Uploading a x509 cert to Application Manifest on Azure ADD or Microsoft Registration Portal

Sorry for the multiple post about the same issue!
I'm trying to upload a self signed sertificate to application manifest created on Microsoft Registration Portal but I have some issues which I don't completly understand why, According to this answer, it's very much possible to upload the certificate using DELEGATED PERMISSIONS however I don't see the reason why I can't use Application Permissions since I only need the AccessToken and I get that with the client_credential grant flow,
Below is the code that I have tried but when retrieving the token with client_credential grant flow, I get stuck att var application = activeDirectoryClient.Applications["ApplicationObjectId"].ExecuteAsync().Result;
and when trying to use the code given to my by Tom Sung in the previous post, the applications exits with error "must have client_credentil or client_assertion in request body"
this is the code that I have tried:
private static async Task<string> GetAppTokenAsync(string graphResourceId, string tenantId, string clientId, string userId)
{
string aadInstance = "https://login.microsoftonline.com/" + tenantId + "/oauth2/token";
var clientCredential = new ClientCredential(clientId, clientSecret);
AuthenticationContext authenticationContextt =
new AuthenticationContext($"https://login.microsoftonline.com/{tenantId}/oauth2/token");
AuthenticationResult result =
await authenticationContextt.AcquireTokenAsync(graphResourceId,
clientCredential);
//token is acquiered and gets stuck
var e = result.AccessToken;
//Tom Suns code
IPlatformParameters parameters = new PlatformParameters(PromptBehavior.SelectAccount);
AuthenticationContext authenticationContext = new AuthenticationContext(aadInstance);
var authenticationResult = await authenticationContext.AcquireTokenAsync(graphResourceId, clientId, new Uri("http://localhost"), parameters, new UserIdentifier(userId, UserIdentifierType.UniqueId));
//exits with error
return authenticationResult.AccessToken;
}
try
{
var graphResourceId = "https://graph.windows.net";
var userId = "****";
//used to test if token is acquired
//var tokennn = await GetAppTokenAsync(graphResourceId, tenantID, ClientId, userId);
var servicePointUri = new Uri(graphResourceId);
var serviceRoot = new Uri(servicePointUri, tenant);
var activeDirectoryClient = new ActiveDirectoryClient(serviceRoot, async () => await GetAppTokenAsync(graphResourceId, tenantID, ClientId, userId));
AsymmetricKeyParameter myCAprivateKey = null;
//generate a root CA cert and obtain the privateKey
X509Certificate2 MyRootCAcert = CreateCertificateAuthorityCertificate("CN=OutlookIntegration", out myCAprivateKey);
//add CA cert to store
addCertToStore(MyRootCAcert, StoreName.Root, StoreLocation.LocalMachine);
var expirationDate = DateTime.Parse(MyRootCAcert.GetExpirationDateString()).ToUniversalTime();
var startDate = DateTime.Parse(MyRootCAcert.GetEffectiveDateString()).ToUniversalTime();
var binCert = MyRootCAcert.GetRawCertData();
var keyCredential = new KeyCredential
{
CustomKeyIdentifier = MyRootCAcert.GetCertHash(),
EndDate = expirationDate,
KeyId = Guid.NewGuid(),
StartDate = startDate,
Type = "AsymmetricX509Cert",
Usage = "Verify",
Value = binCert
};
//gets stuck here when using clientsecret grant type
var application = activeDirectoryClient.Applications["ApplicationObjectId"].ExecuteAsync().Result;
application.KeyCredentials.Add(keyCredential);
application.UpdateAsync().Wait();
}
catch (Exception exception)
{
Console.WriteLine(exception);
throw;
}
I am now completly stuck, Anyone have any idea why it doesn't work with Application Permissions or why it gets stuck at var application = activeDirectoryClient.Applications["ApplicationObjectId"].ExecuteAsync().Result;
Edit 1
is it because I have my app as a web app/API that uses username and password to authenticate?
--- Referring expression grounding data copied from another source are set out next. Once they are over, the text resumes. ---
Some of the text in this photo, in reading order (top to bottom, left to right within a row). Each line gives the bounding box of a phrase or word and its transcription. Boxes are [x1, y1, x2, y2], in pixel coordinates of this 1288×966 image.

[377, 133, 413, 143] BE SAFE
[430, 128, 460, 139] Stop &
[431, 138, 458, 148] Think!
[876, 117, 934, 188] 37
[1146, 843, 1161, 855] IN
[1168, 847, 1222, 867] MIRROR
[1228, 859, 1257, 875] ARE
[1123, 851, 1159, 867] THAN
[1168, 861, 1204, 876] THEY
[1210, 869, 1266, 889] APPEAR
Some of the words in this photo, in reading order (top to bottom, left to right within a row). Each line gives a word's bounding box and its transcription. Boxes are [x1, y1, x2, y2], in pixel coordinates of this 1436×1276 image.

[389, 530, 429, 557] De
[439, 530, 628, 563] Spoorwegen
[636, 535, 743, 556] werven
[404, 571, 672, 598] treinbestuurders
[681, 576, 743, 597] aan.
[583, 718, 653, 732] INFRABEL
Based on my test if we want to change the keyCredential, DELEGATED PERMISSIONS is required.
If we want to update Azure AD application other properties, we could use Application Permissions.
Reference:
Azure Active Directory developer glossary
"Delegated" permissions, which specify scope-based access using delegated authorization from the signed-in resource owner, are presented to the resource at run-time as "scp" claims in the client's access token.
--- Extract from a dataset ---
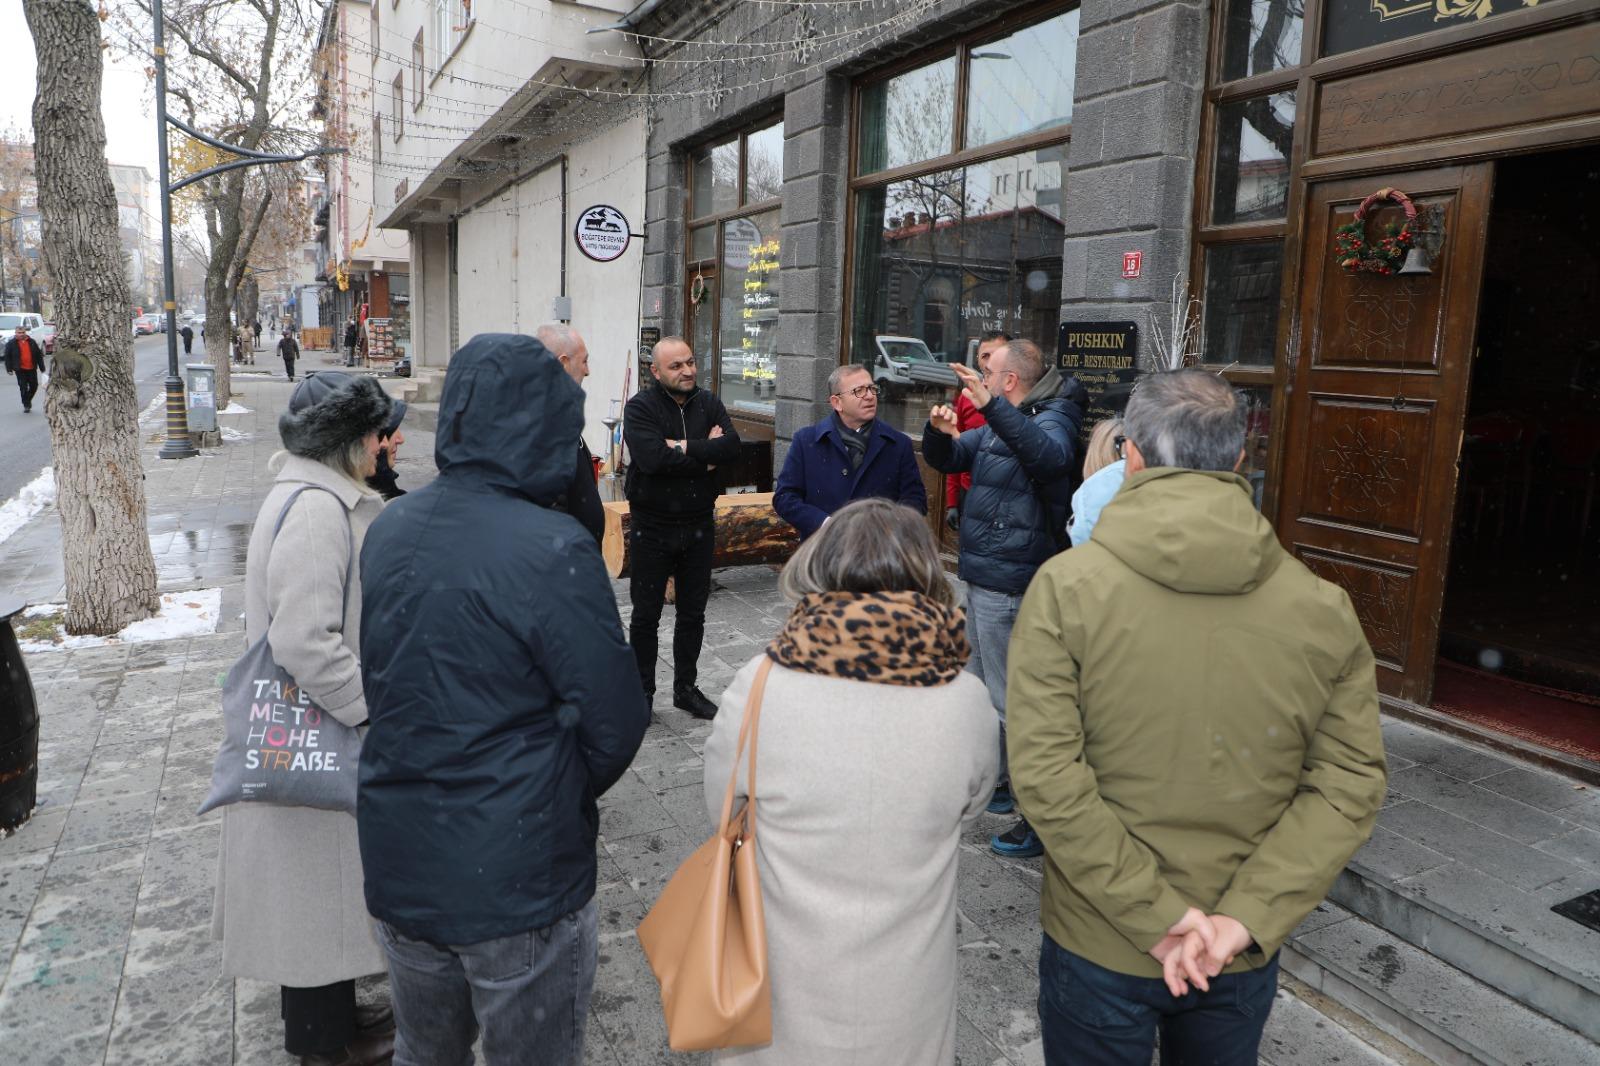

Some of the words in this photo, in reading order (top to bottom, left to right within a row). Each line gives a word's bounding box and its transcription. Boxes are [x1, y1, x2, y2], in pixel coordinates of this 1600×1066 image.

"Application" permissions, which specify role-based access using the client application's credentials/identity, are presented to the resource at run-time as "roles" claims in the client's access token.

I want to use office 365 Api for my Asp.net with C# non mvc Project

Hello Folks I am new to using API into my project.
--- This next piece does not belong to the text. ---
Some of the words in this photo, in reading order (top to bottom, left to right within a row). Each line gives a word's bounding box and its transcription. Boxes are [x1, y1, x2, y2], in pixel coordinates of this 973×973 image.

I am using Asp.Net with C# which does not have MVC architecture.
My client needed to integrate office 365 API into the project so that any user who want to access our service can login through their office 365 credentials.
while I searched on internet about the sources it said I needed ASP.net with MVC to use office 365 . Please suggest what could be done.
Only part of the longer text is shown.